When I was a little girl, my favorite super hero was Wonder Woman (the Linda Carter version). I had long, dark hair like hers and just knew I could become Wonder Woman if I twirled fast enough…once I was allowed to wear a strapless outfit.  I think what appealed to me most about her was how she only fought when it was absolutely necessary and her super powers were not aggressive in nature.  I consider myself to be a Wonder Woman today.  I often wonder where I put something or what meeting I’m supposed to be at.

What traits lead to good leadership?  What are the super powers of leaders?  When asked this question, people might say “strength” or “grit” or “toughness” or “determination”.  What about “kindness”?  Kindness doesn’t usually make the list.  Kindness is more often associated with weakness or softness.  I want to submit to you today that kindness IS an element of strong leadership, and intentional kindness is an element of even stronger leadership.  

Kindness is being friendly, generous, or considerate without the expectation of receiving something in return.  It demonstrates that you care about your fellow human.  INTENTIONAL kindness demonstrates not only that you are seeing to it that someone is cared for, but that you genuinely care ABOUT them (their well-being, their success, their value).  

Mark Twain said, “Kindness is the language which the deaf can hear and the blind can see.”  Kindness helps people to feel visible.  Kindness is calming and healing.  It has been scientifically proven to reduce stress, lower blood pressure, increase self-esteem, improve mood…for both the giver AND the recipient!

Kindness invites TRUST.  This is a priceless relational element for a leader to create synergy with their team.  Kindness affords a leader the ability to keep the communication doors open so both leader and follower can gain understanding and exercise empathy as kindness inspires kindness.

It’s not just a tag line: Kindness really does matter.  It is significant, and a leader should be committed to intentional acts of kindness. 

Sometimes You Just Can’t Win

Sometimes, in spite of all of your amazing feats of resiliency after getting knocked in the dirt, you don’t get to carry home the Comeback Kid trophy. Sometimes, you just can’t win.

I want to be sure to give myself plenty of credit. I have won many days and many battles. I have been knocked in the dirt, kicked when I was down, and spat in the face. I have picked myself up and continued to move forward. I survived, then I thrived. I helped others out of pits. I taught others how to thrive. I brought teams together and helped connect military healthcare with community partners and Veterans Affairs.

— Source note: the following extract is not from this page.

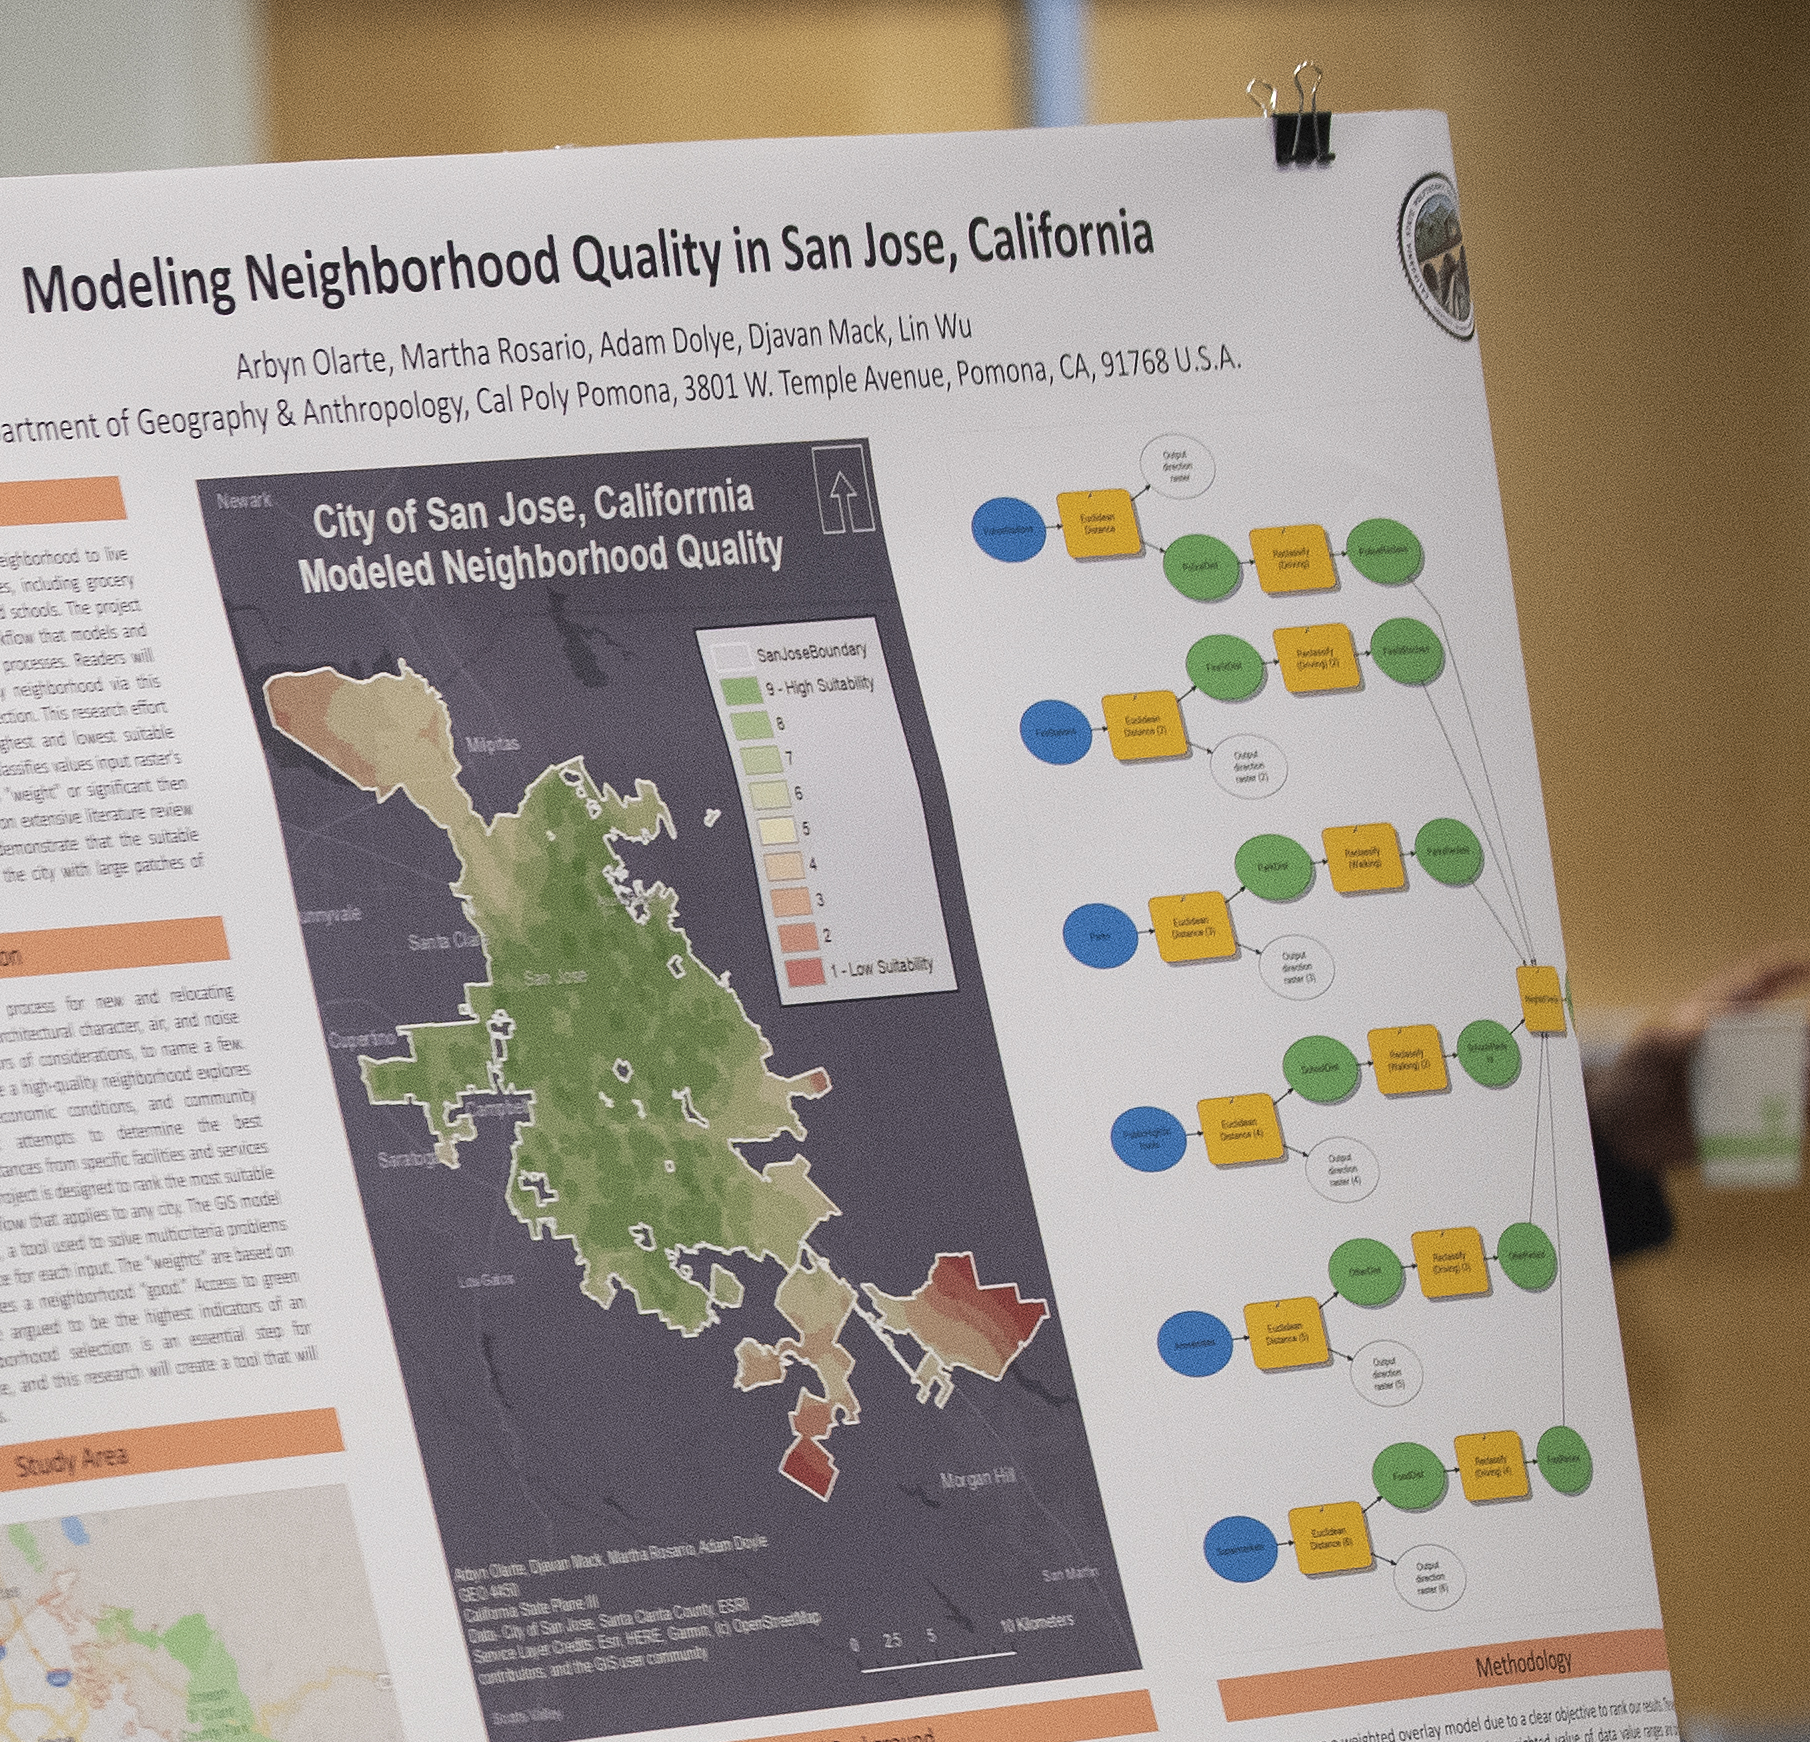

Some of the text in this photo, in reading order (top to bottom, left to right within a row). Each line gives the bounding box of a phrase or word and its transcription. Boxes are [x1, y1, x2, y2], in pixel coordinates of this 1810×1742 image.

I had a good run, and I have no regrets. I am proud of myself and my service. There are some things I am looking forward to once I become a civilian again:

  • Being able to wear colorful fingernail polish
  • Being able to wear my hair in any configuration I want
  • Being able to carry any color backpack
  • Being able to wear any color and style earrings I want
  • Being able to talk politics at work
  • Being able to invite people at work to church
  • Calling people by their first name
  • Saying “yeah” or “okay” in place of “yes, sir/ma’am”
  • Not being on a recall roster, deployment team, or response team
  • Getting to take vacation and go wherever I want and not have to take leave on weekend days
  • No PT test for “job security”
  • Not having to wear a hat outside unless I want to
  • Being able to use one of those clear umbrellas that you can see through so you can keep it low down to you
  • No more “additional duties”

My military career is drawing to a close, but my life is taking off! I am far from finished helping teams do amazing things and teaching people to lead with excellence. I am still writing my book. I have worked as a civilian before, and as I return to civilian life, I bring with me the sum of my experiences. I am a survivor. I am a leader. I will thrive and lift others to higher heights because it matters. I am FAR from finished.

Sometimes, you think you’ve lost when it is not even close to over. Take a deep breath. Keep getting back up when you’re knocked down. Breathe. Accept the moment as is. Breathe. Talk to God and then LISTEN. Breathe. Start to gather yourself and build a game plan. Cry a little (or a lot) if you need to. Another nice, deep, cleansing breath, my friend…and then start to move. Move forward…it’s going to work out. We will win. Winning might not look like we imagined it would, but it will still be amazing!